Top of TASK INPUT

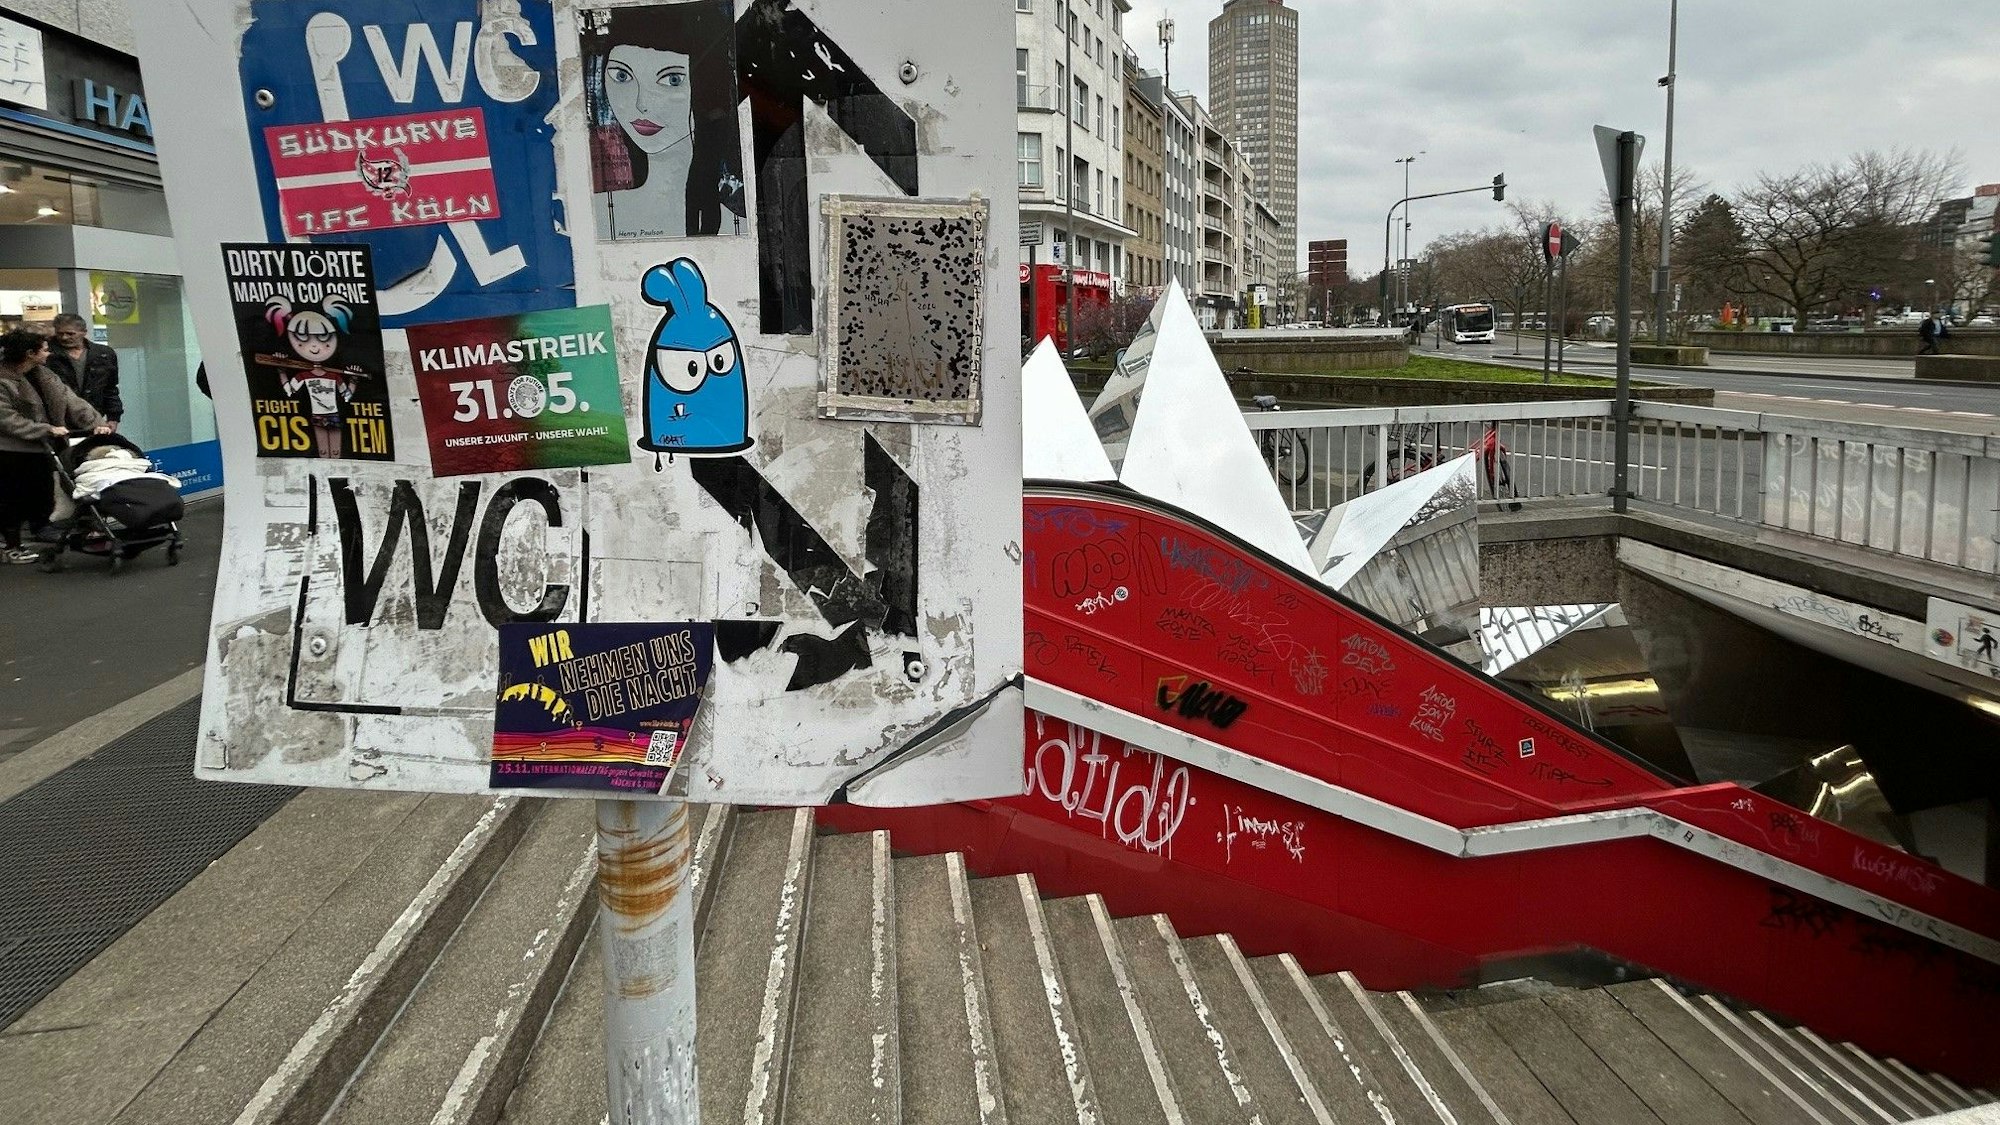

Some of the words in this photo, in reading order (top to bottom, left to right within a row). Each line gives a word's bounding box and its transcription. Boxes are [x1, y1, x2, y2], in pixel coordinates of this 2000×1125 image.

[363, 20, 541, 103] WC
[84, 78, 155, 136] HA
[278, 117, 478, 157] SÜDKURVE
[377, 167, 393, 183] 12
[298, 205, 370, 231] 1.FC
[391, 195, 492, 222] KÖLN
[227, 250, 286, 277] DIRTY
[291, 251, 366, 278] DÖRTE
[233, 282, 274, 303] MAID
[277, 282, 295, 303] IN
[297, 282, 369, 304] COLOGNE
[419, 331, 609, 371] KLIMASTREIK
[255, 400, 300, 414] FIGHT
[351, 402, 384, 416] THE
[449, 372, 590, 422] 31.05.
[258, 415, 311, 451] CIS
[346, 418, 388, 454] TEM
[445, 437, 484, 447] UNSERE
[485, 432, 530, 445] ZUKUNFT
[536, 429, 575, 440] UNSERE
[575, 426, 608, 438] WAHL!
[328, 475, 571, 633] WC
[528, 630, 574, 668] WIR
[558, 642, 649, 694] NEHMEN
[650, 629, 696, 669] UNS
[585, 682, 626, 721] DIE
[626, 662, 698, 711] NACHT
[497, 763, 531, 774] 25.11.
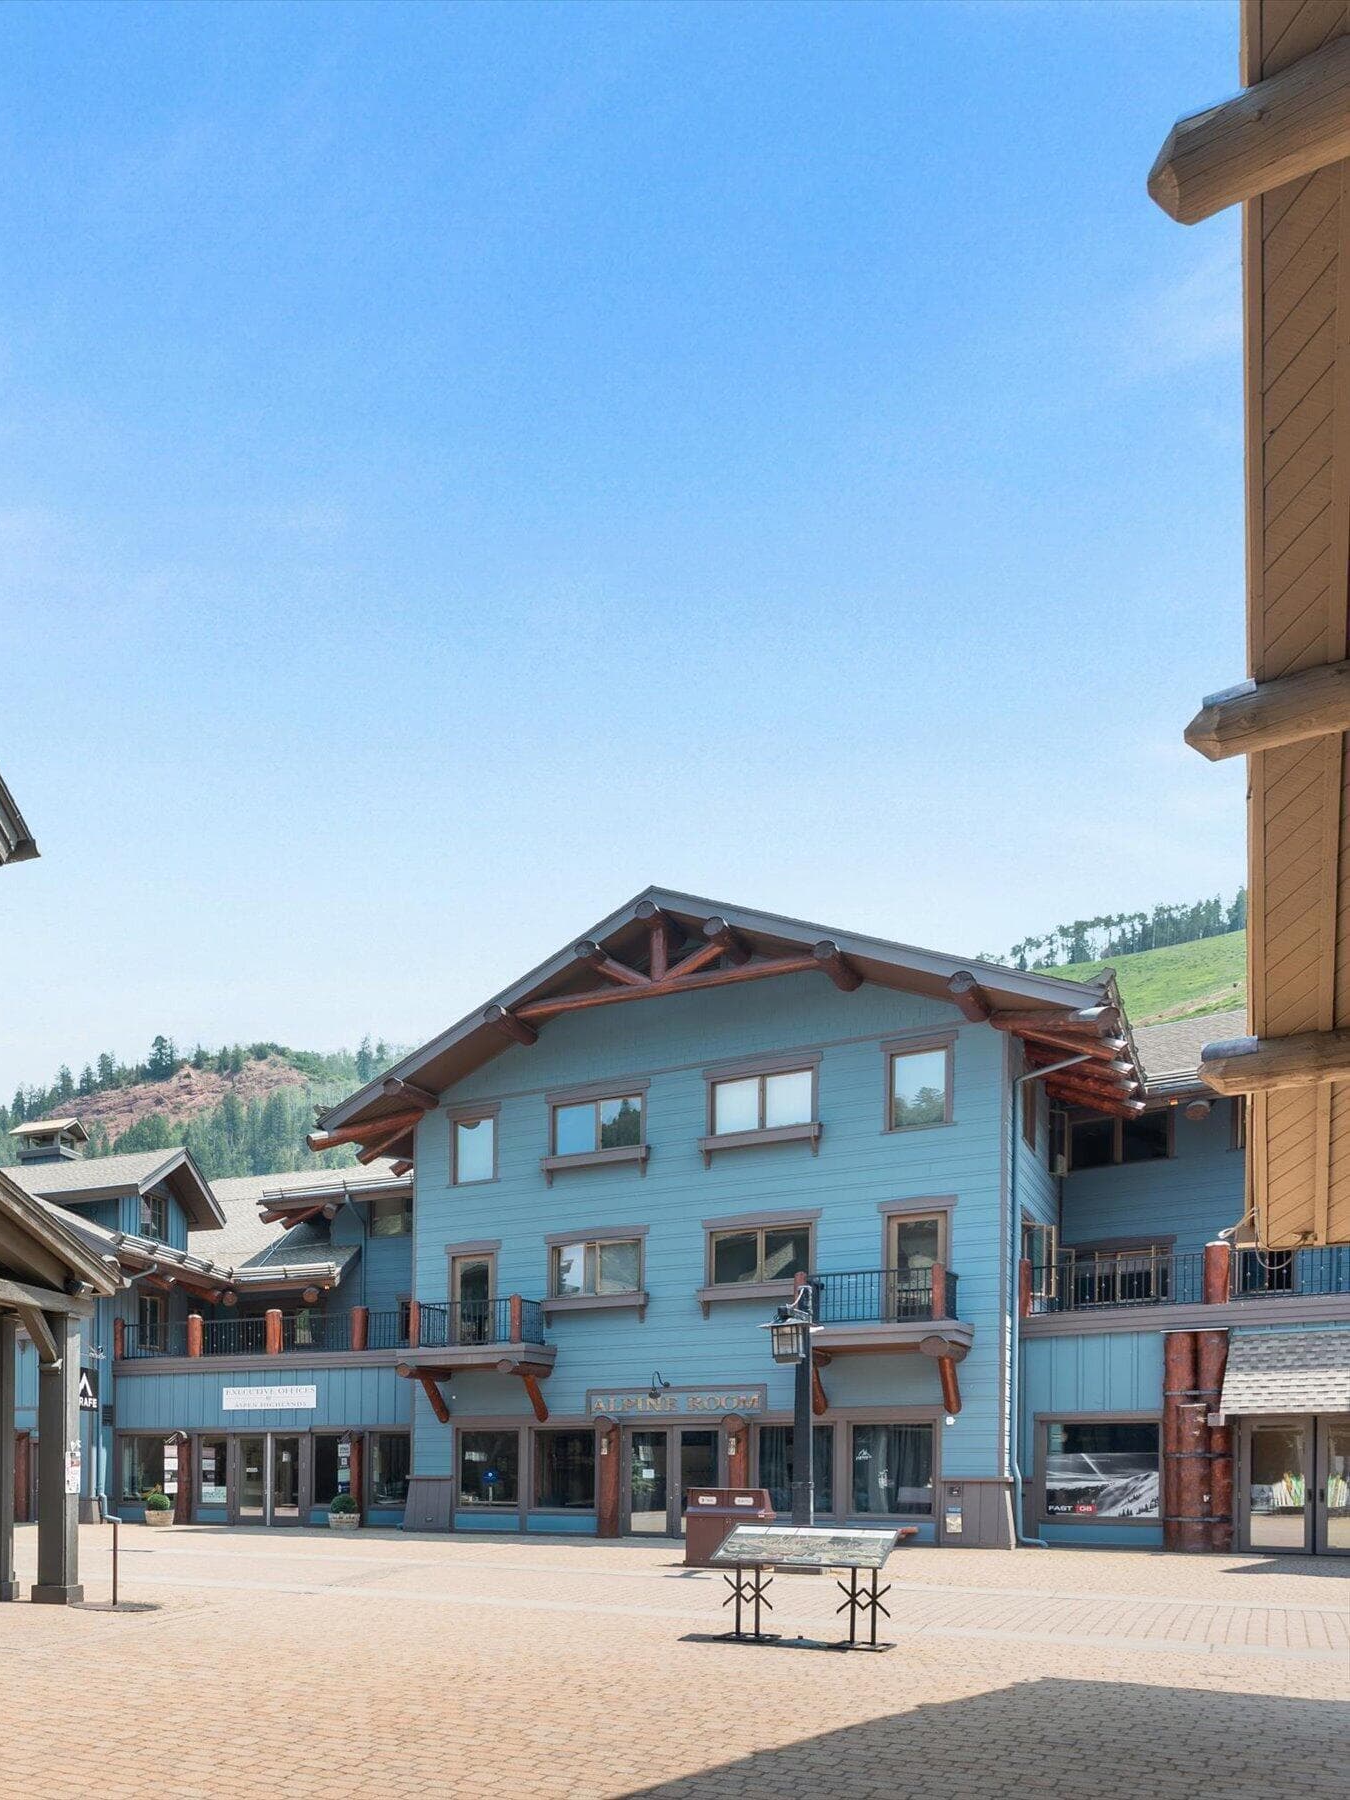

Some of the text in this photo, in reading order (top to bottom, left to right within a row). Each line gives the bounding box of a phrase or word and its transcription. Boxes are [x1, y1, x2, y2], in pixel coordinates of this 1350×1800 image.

[79, 1396, 98, 1408] RAFE
[592, 1394, 761, 1412] ALPINE ROOM
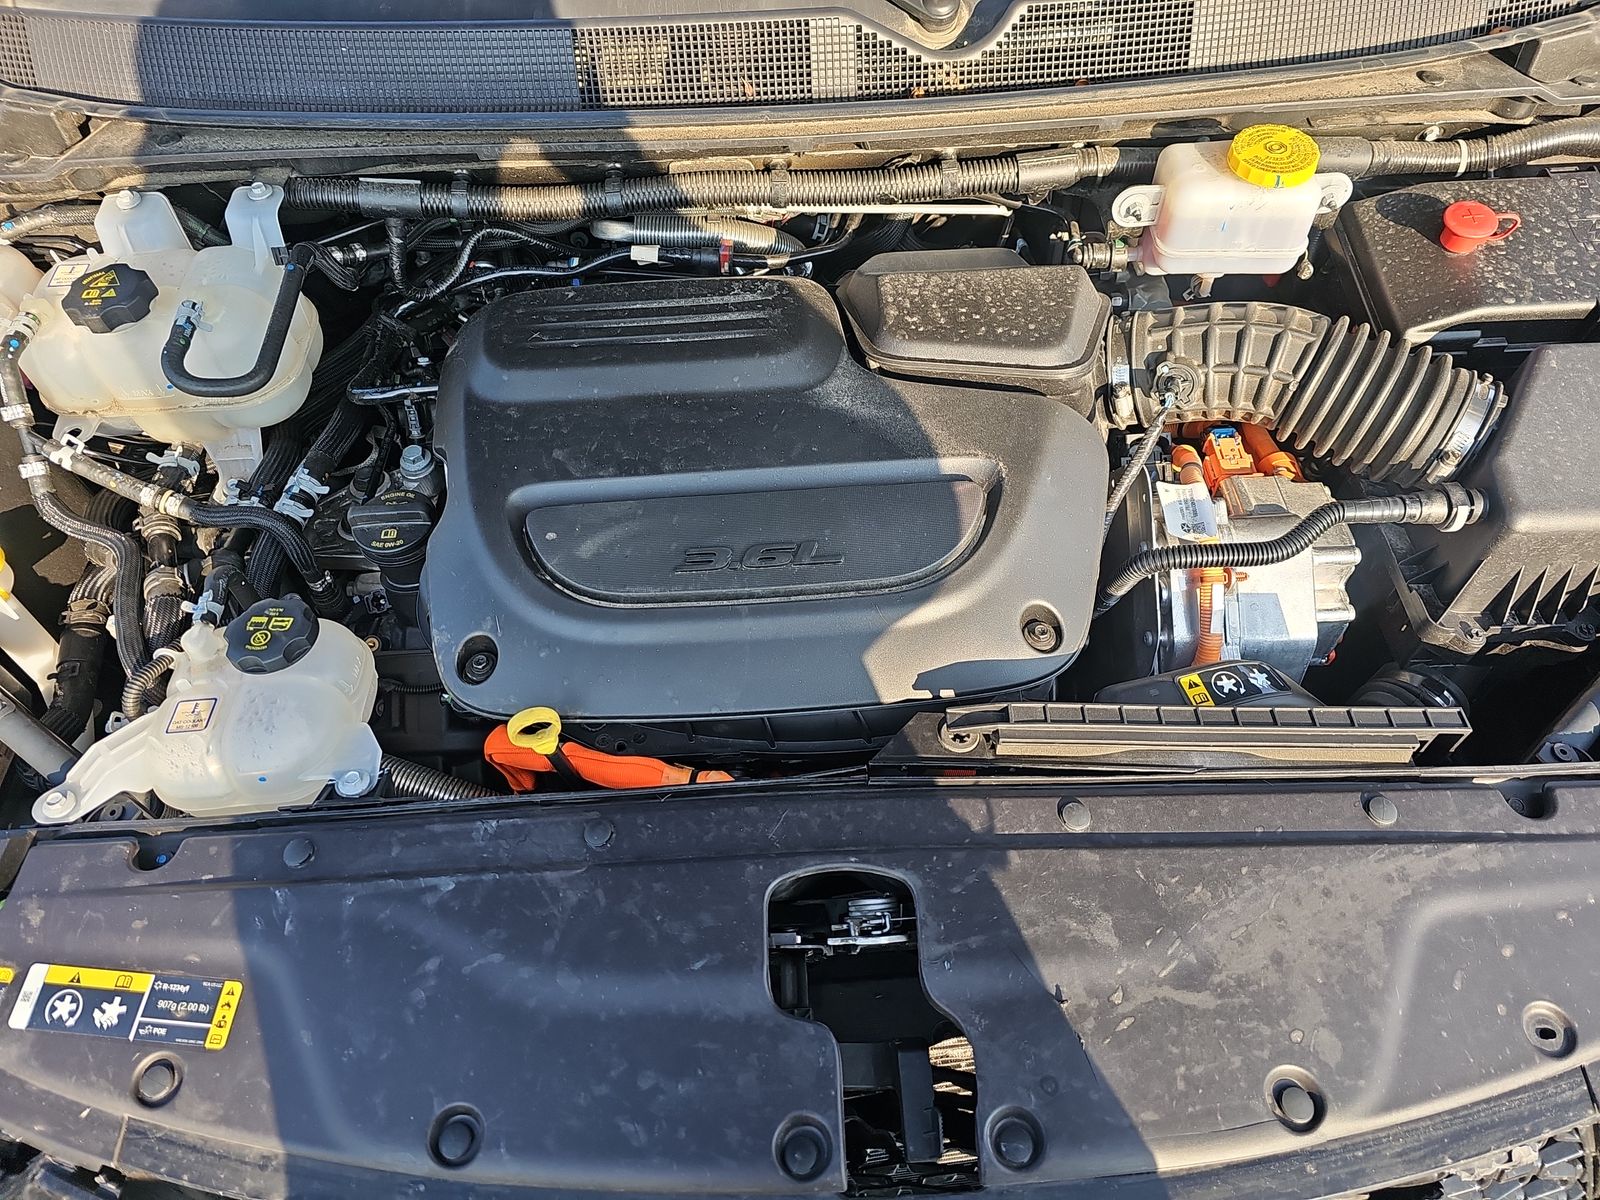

Bottom of TASK INPUT

(EXERCISE GOAL)
Everything from the line with "Some of the text" through the last line of the listing above is to be copied exactly, both ends included, except the pictures.

(OUTPUT FOR THIS TASK)
Some of the text in this photo, in reading order (top to bottom, left to right within a row). Each line gives the bounding box of a phrase or word and its transcription. Boxes are [x1, y1, x2, y2], in pixel coordinates of this 1350×1800 image.

[79, 1396, 98, 1408] RAFE
[592, 1394, 761, 1412] ALPINE ROOM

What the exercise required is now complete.